Coexistence in the face of uncertainty
Sebastian J. Schreiber

TL;DR
This paper reviews recent mathematical results on species coexistence under demographic and environmental stochasticity, highlighting how stochastic models predict persistence, extinction probabilities, and the influence of habitat size and environmental fluctuations.
Contribution
It synthesizes new theoretical insights into stochastic persistence and coexistence, extending classical models to include demographic and environmental randomness.
Findings
QSDs concentrate on deterministic attractors for large habitats
Extinction probability decreases exponentially with habitat size
Conditions for stochastic persistence involve Lyapunov exponents
Abstract
Over the past century, nonlinear difference and differential equations have been used to understand conditions for species coexistence. However, these models fail to account for random fluctuations due to demographic and environmental stochasticity which are experienced by all populations.
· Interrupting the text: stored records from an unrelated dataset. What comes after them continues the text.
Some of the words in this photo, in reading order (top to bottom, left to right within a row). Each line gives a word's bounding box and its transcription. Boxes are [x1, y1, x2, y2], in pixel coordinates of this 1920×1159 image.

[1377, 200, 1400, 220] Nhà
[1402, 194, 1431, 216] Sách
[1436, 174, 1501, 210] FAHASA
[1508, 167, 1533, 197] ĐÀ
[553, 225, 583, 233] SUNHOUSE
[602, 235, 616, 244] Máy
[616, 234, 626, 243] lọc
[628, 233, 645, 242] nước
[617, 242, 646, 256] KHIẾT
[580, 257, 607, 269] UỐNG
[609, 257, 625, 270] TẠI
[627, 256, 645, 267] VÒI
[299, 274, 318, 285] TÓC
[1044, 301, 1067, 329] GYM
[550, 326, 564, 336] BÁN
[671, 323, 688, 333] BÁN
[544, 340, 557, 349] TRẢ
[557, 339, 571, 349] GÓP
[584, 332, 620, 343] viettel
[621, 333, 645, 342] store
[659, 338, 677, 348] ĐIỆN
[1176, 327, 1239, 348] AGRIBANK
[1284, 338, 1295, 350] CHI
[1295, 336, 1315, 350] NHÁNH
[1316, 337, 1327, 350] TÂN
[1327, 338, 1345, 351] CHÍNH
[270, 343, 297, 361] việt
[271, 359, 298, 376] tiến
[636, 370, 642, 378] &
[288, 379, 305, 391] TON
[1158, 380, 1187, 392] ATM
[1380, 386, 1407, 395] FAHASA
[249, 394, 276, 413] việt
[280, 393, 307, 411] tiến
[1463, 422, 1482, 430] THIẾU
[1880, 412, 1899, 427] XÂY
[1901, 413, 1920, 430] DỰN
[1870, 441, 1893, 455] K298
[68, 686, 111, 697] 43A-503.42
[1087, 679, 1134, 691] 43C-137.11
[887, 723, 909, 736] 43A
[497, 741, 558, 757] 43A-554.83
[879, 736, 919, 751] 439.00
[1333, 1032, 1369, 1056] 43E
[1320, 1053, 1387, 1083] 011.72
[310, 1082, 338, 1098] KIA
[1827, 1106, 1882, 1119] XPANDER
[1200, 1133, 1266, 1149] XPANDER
I review some recent mathematical results about persistence and coexistence for models accounting for each of these forms of stochasticity. Demographic stochasticity stems from populations and communities consisting of a finite number of interacting individuals, and often are represented by Markovian models with a countable number of states. For closed populations in a bounded world, extinction occurs in finite time but may be preceded by long-term transients. Quasi-stationary distributions (QSDs) of these Makov models characterize this meta-stable behavior. For sufficiently large "habitat sizes",…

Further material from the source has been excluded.